Spatial localization data:
☆ ☆ ☆

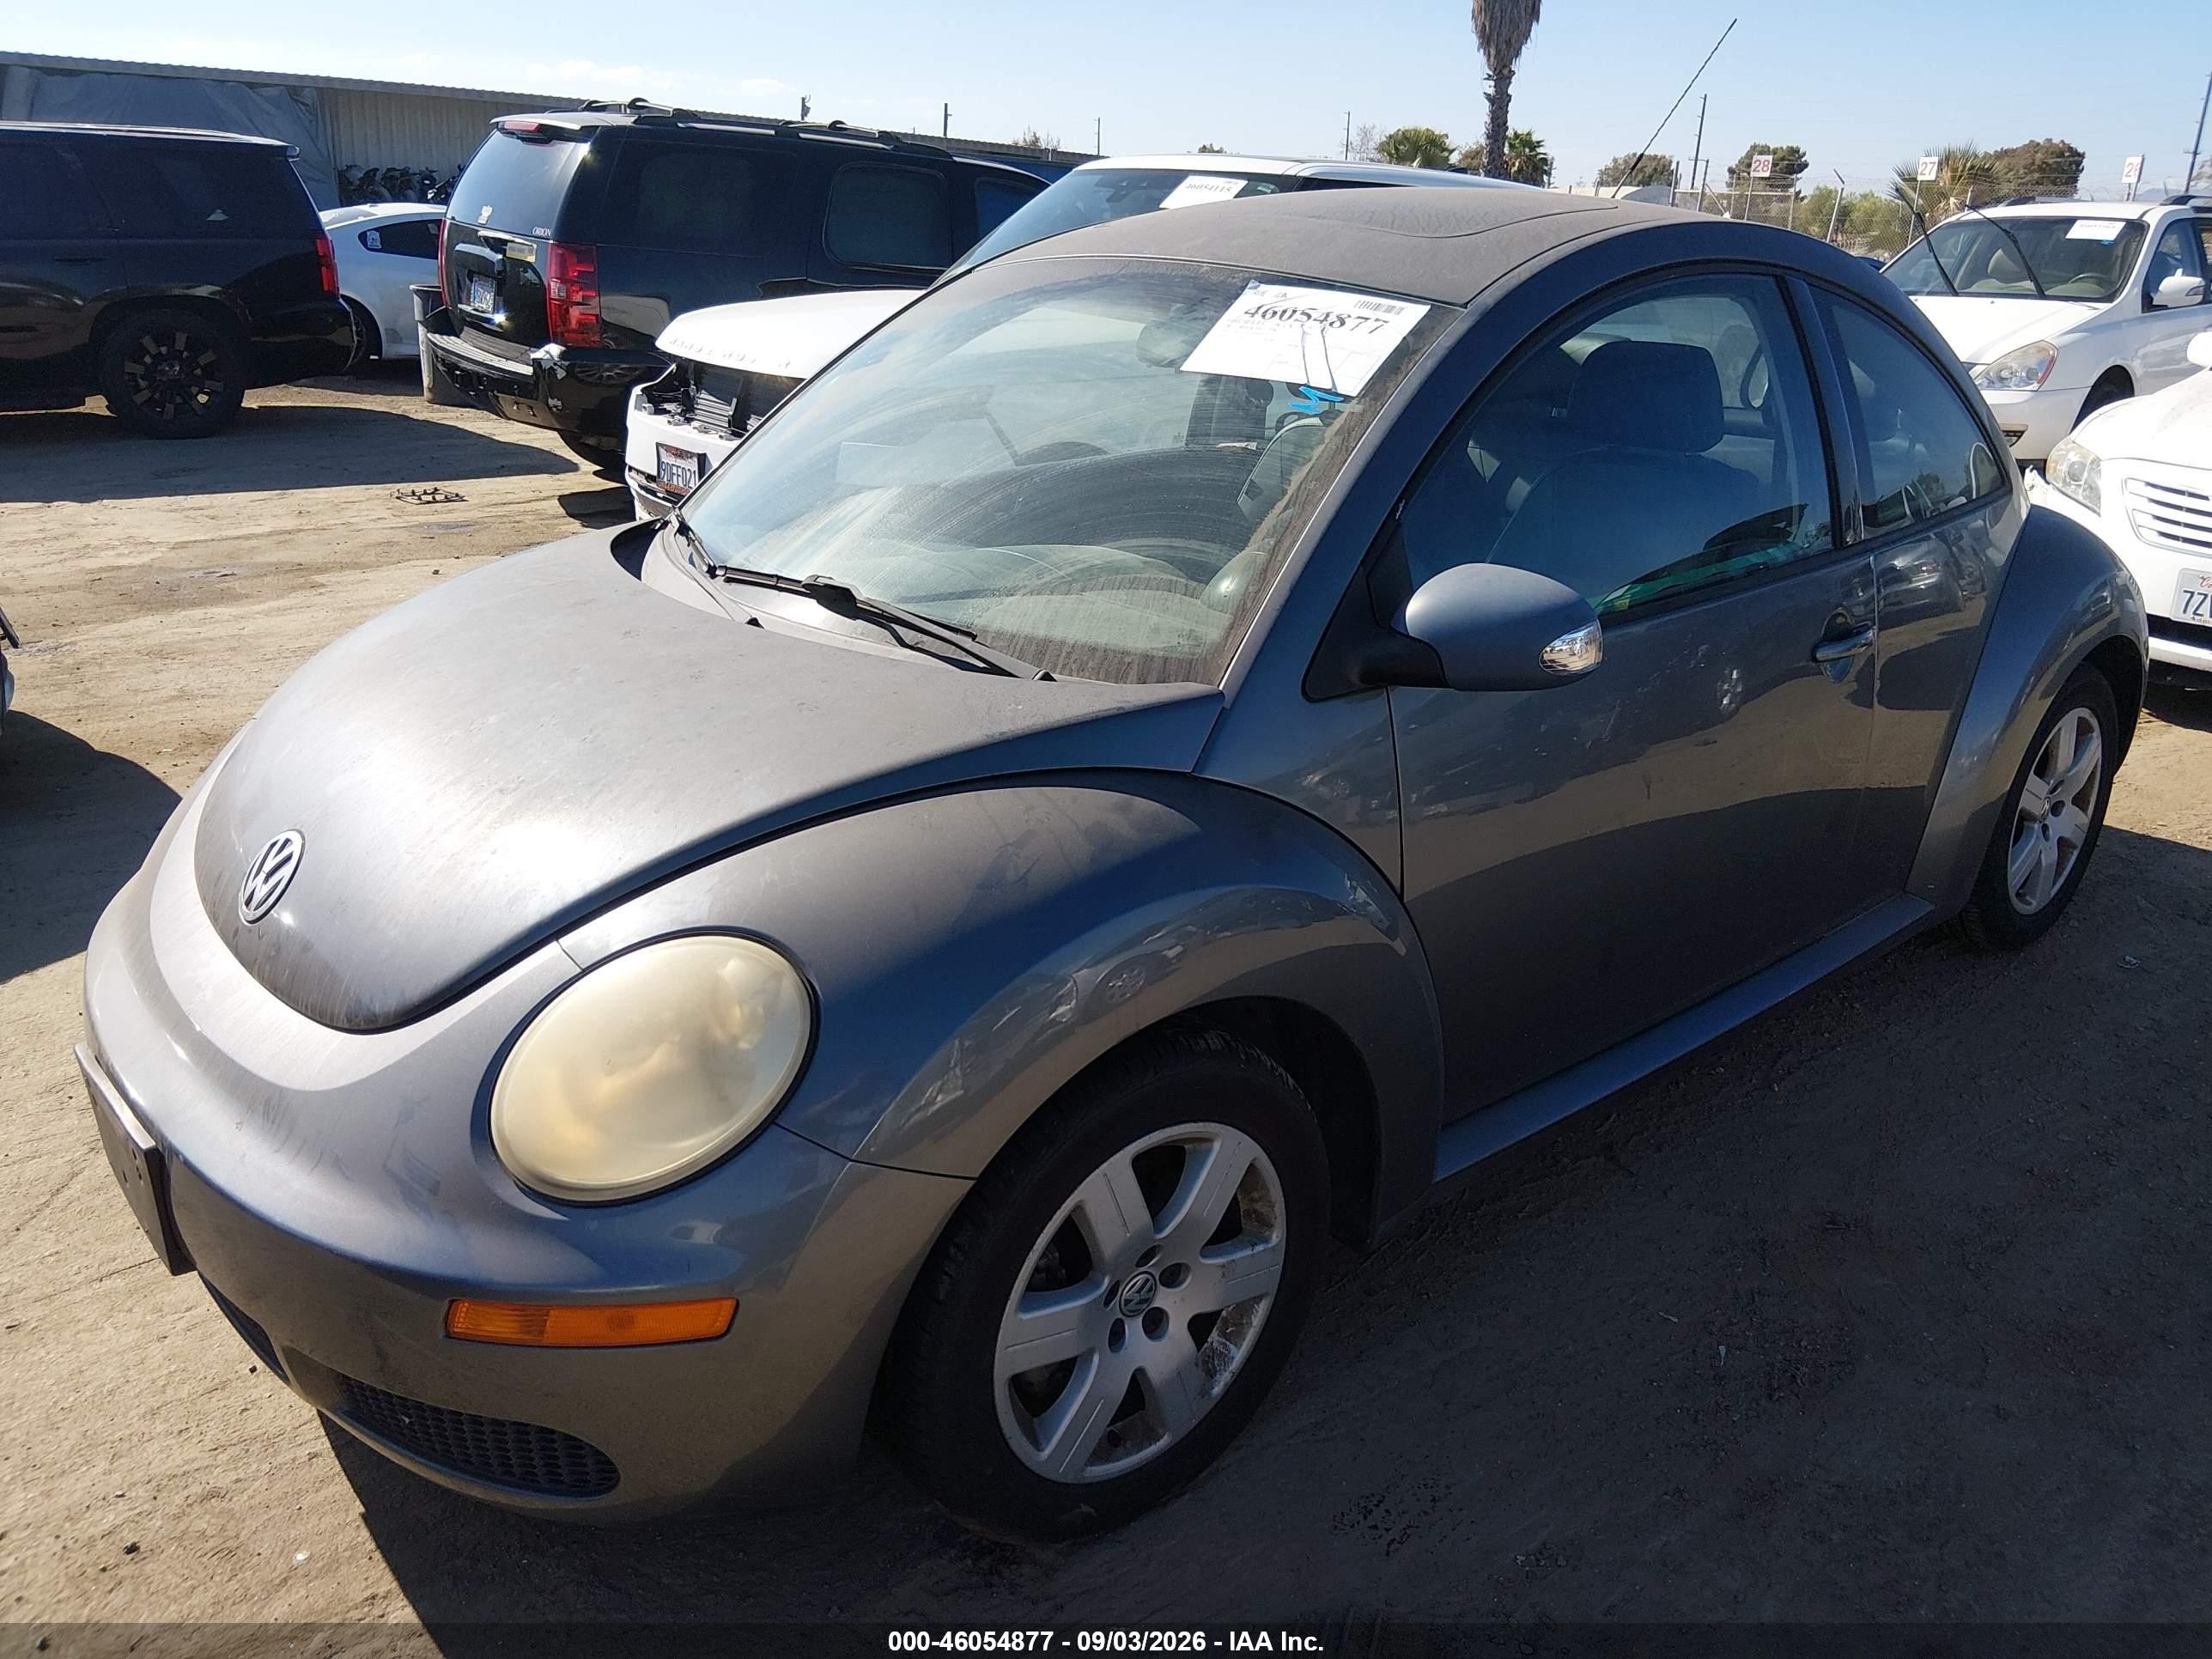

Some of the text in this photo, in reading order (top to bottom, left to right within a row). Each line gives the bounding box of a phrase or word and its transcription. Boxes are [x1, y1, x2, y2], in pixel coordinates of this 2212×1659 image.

[1753, 159, 1771, 173] 28
[1918, 161, 1937, 176] 27
[1243, 301, 1389, 335] 46054877
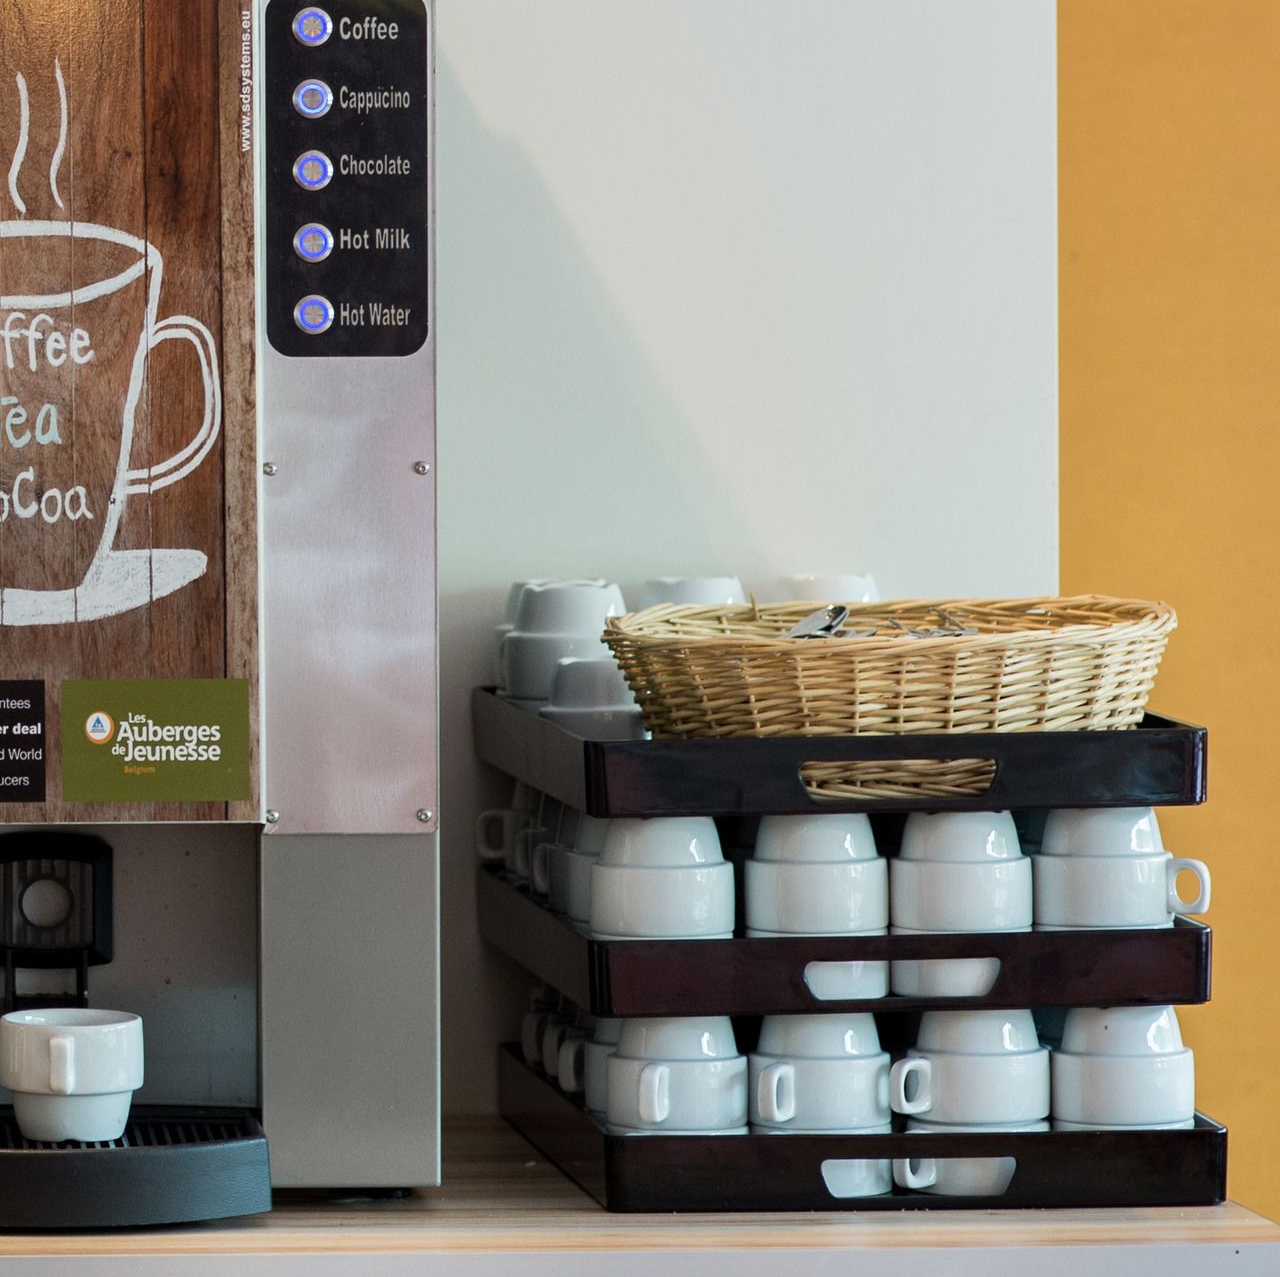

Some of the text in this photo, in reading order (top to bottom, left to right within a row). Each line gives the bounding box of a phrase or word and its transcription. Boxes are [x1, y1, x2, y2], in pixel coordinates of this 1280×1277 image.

[340, 17, 399, 41] Coffee
[241, 10, 252, 153] www.sdsystems.eu
[340, 154, 411, 176] Chocolate
[340, 228, 411, 250] Hot Milk
[340, 303, 411, 327] Hot Water
[12, 722, 42, 735] deal
[128, 712, 147, 724] Les
[116, 719, 222, 748] Auberges
[8, 748, 43, 761] World
[111, 740, 222, 762] de Jeunesse

☆ ☆ ☆

Output every record above exactly as written, but skip the pictures.

Some of the text in this photo, in reading order (top to bottom, left to right within a row). Each line gives the bounding box of a phrase or word and its transcription. Boxes are [x1, y1, x2, y2], in pixel coordinates of this 2212×1659 image.

[1753, 159, 1771, 173] 28
[1918, 161, 1937, 176] 27
[1243, 301, 1389, 335] 46054877

Some of the text in this photo, in reading order (top to bottom, left to right within a row). Each line gives the bounding box of a phrase or word and its transcription. Boxes are [x1, y1, x2, y2], in pixel coordinates of this 1280×1277 image.

[340, 17, 399, 41] Coffee
[241, 10, 252, 153] www.sdsystems.eu
[340, 154, 411, 176] Chocolate
[340, 228, 411, 250] Hot Milk
[340, 303, 411, 327] Hot Water
[12, 722, 42, 735] deal
[128, 712, 147, 724] Les
[116, 719, 222, 748] Auberges
[8, 748, 43, 761] World
[111, 740, 222, 762] de Jeunesse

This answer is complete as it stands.